Wakefit Innovations Limited submitted Monitoring Agency Reports for Q4FY26 (quarter ended March 31, 2026), prepared by CARE Ratings Limited, covering Pre-IPO proceeds of Rs. 56.00 crore and IPO proceeds of Rs. 377.178 crore. For the Pre-IPO, no funds were utilised during the quarter; the full amount remains in Axis Bank fixed deposits earning 6.60%, with a market value of Rs. 57.388 crore at quarter-end. For the IPO, Rs. 10.205 crore was utilised during Q4FY26 — Rs. 4.60 crore for lease payments on existing COCO stores and Rs. 5.605 crore for issue expenses — leaving Rs. 366.973 crore unutilised and deployed across fixed deposits with HDFC Bank, Yes Bank, and Axis Bank. No deviations from the stated objects were reported for either issue.

Wakefit Innovations Submits Monitoring Agency Report for Quarter Ended March 31, 2026

Wakefit Innovations Limited has filed Monitoring Agency Reports with the stock exchanges for the quarter ended March 31, 2026, pursuant to Regulation 32 of the SEBI (Listing Obligations and Disclosure Requirements) Regulations, 2015, read with Regulation 41 of the SEBI (Issue of Capital and Disclosure Requirements) Regulations, 2018. The reports, prepared by CARE Ratings Limited, cover the utilisation of proceeds from both the company's Pre-IPO Placement and its Initial Public Offer. No deviations from the objects of either issue were reported for the quarter.
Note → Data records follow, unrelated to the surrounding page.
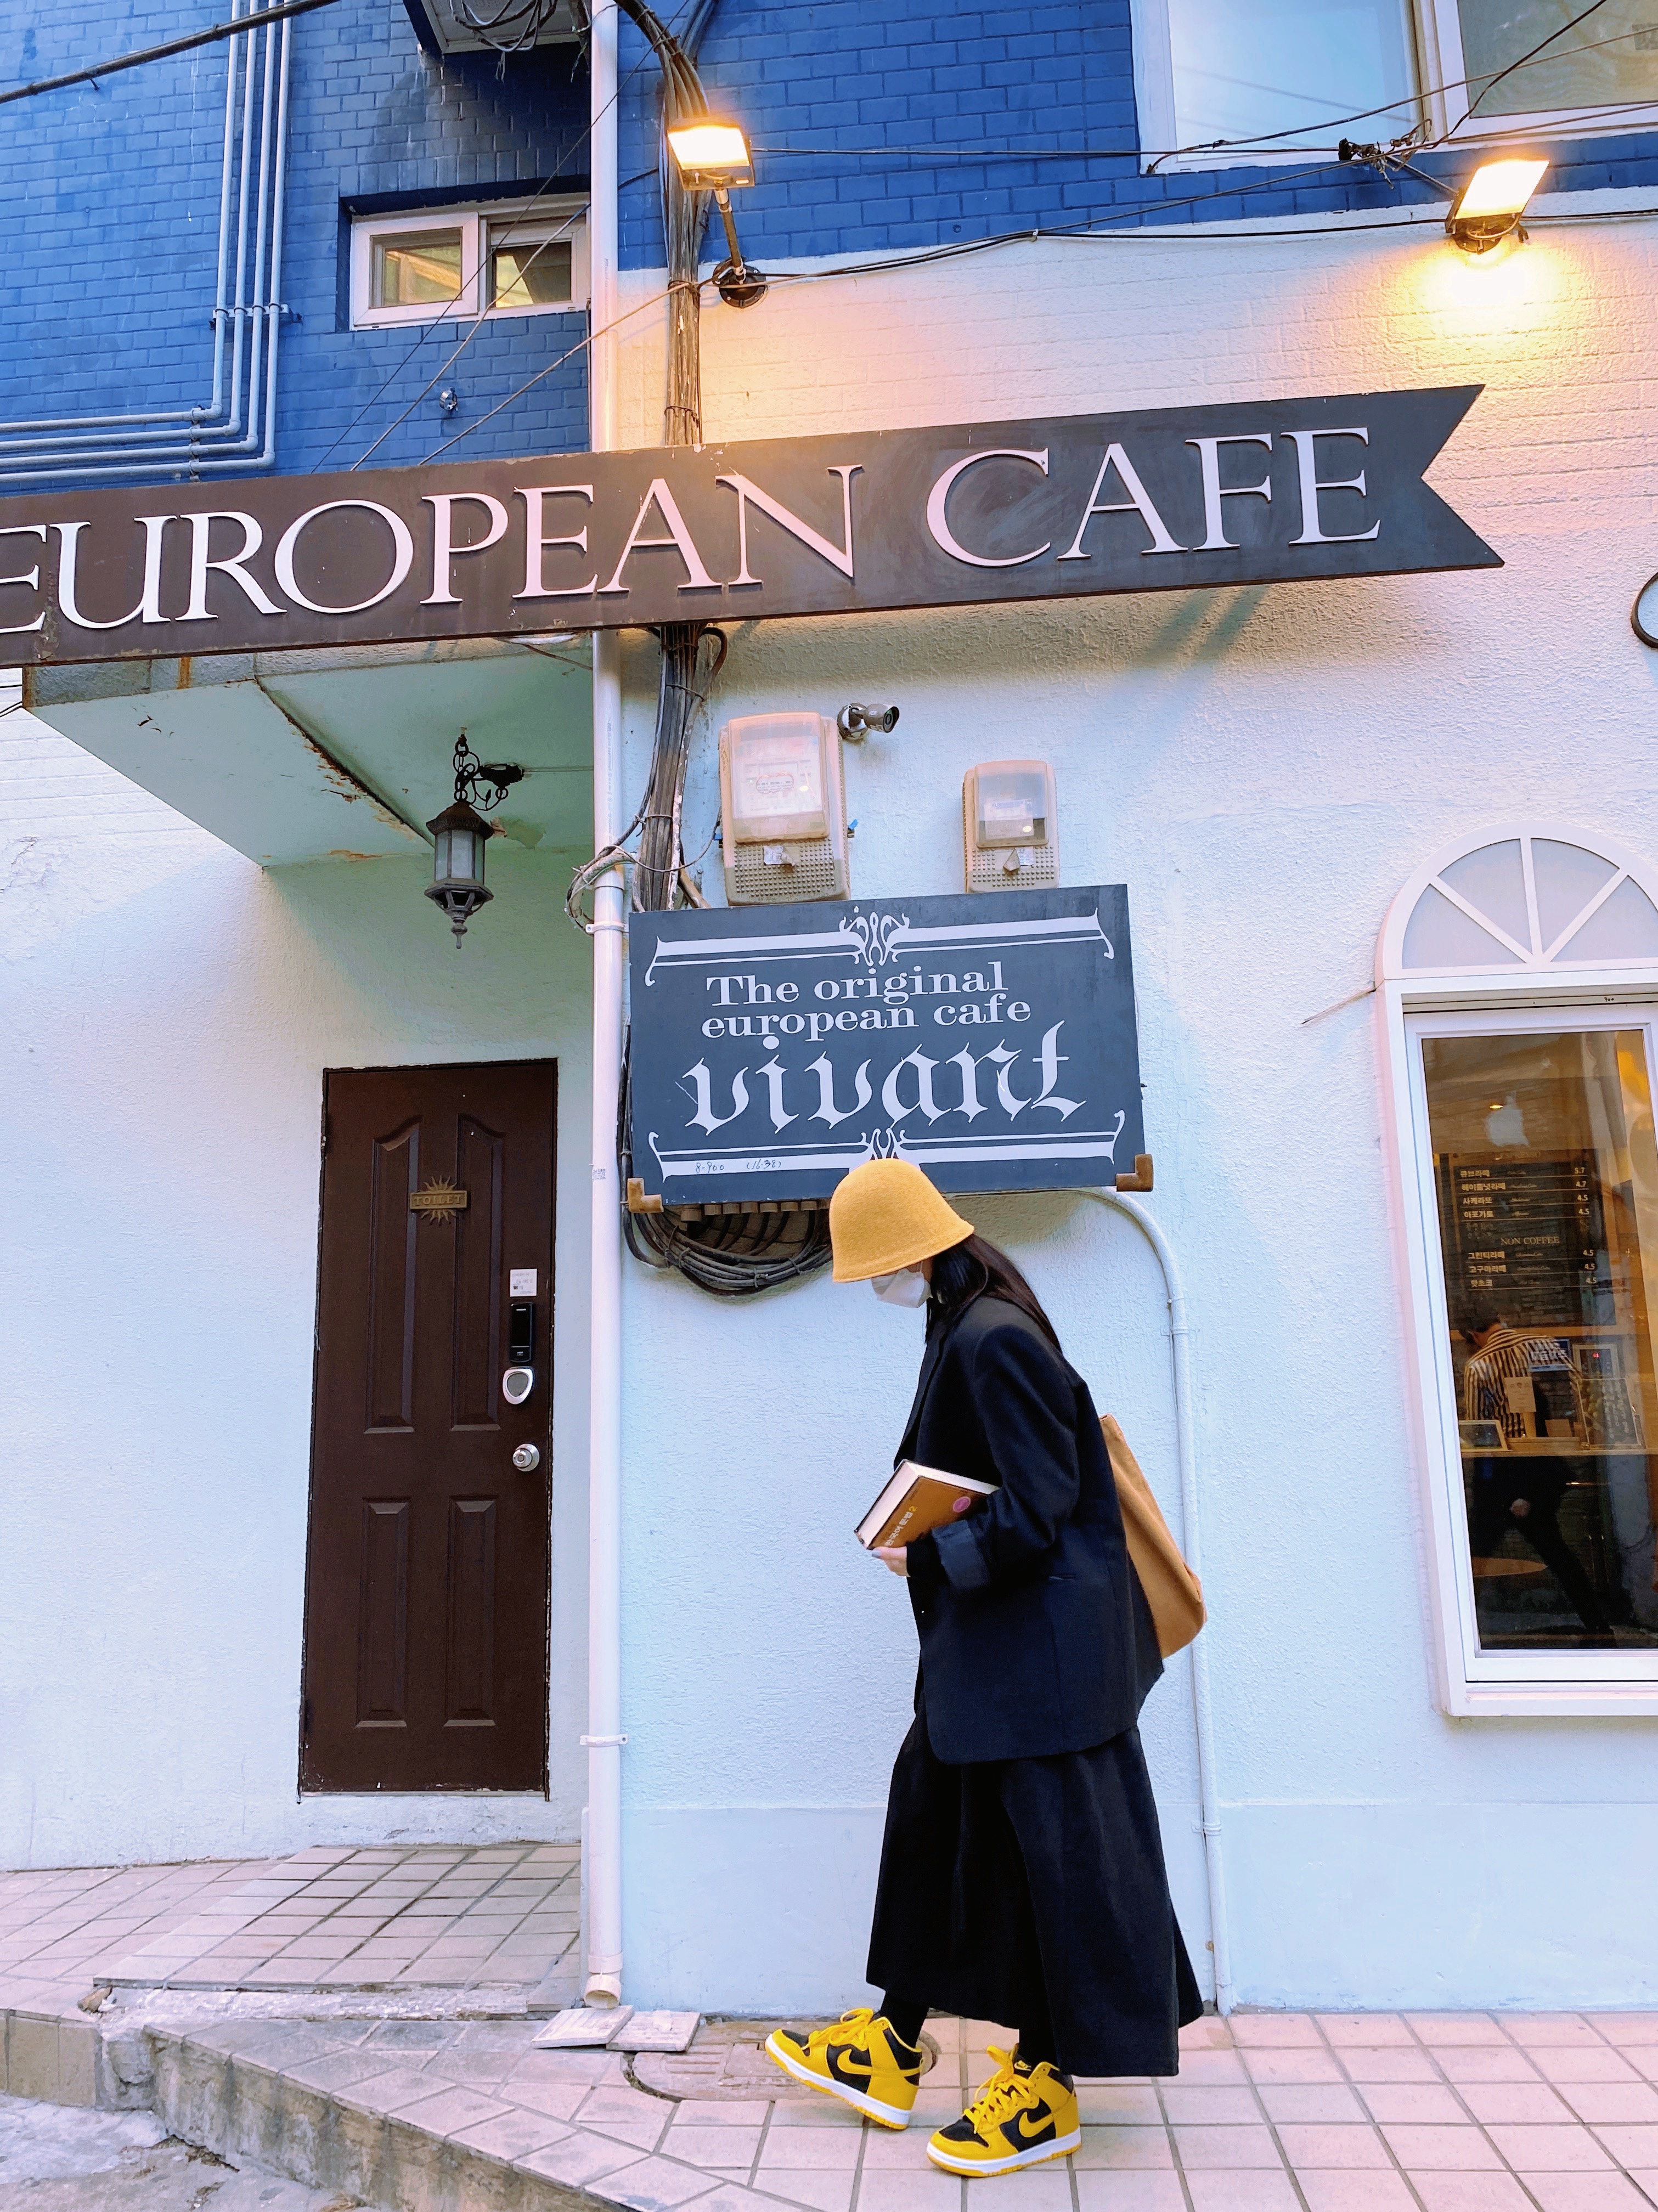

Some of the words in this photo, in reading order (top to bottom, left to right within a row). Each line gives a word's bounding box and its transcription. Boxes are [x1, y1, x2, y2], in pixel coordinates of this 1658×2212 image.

[926, 427, 1381, 568] CAFE
[707, 974, 800, 1007] The
[814, 962, 1008, 1005] original
[701, 1007, 920, 1042] european
[933, 994, 1031, 1026] cafe
[681, 1020, 1087, 1136] vivant
[414, 1195, 461, 1206] TOILET
[1501, 1237, 1521, 1246] NON
[1523, 1236, 1560, 1245] COFFEE
[1468, 1251, 1505, 1260] 그린티라떼
[1469, 1265, 1507, 1274] 고구마라떼
Pre-IPO Placement: Issue Overview and Fund Status

The Pre-IPO Placement, conducted as a private placement, had an issue size of Rs. 56.00 crore, with general corporate purposes as the sole stated object. The Monitoring Agency Agreement for this placement is dated November 15, 2025. During Q4FY26, no funds from the Pre-IPO proceeds were utilised. As per management, the company incurred the entire general corporate purpose expenditure of Rs. 56.00 crore from internal accruals through its current account, with the Pre-IPO funds kept as fixed deposits and reimbursement for expenses to be taken on maturity.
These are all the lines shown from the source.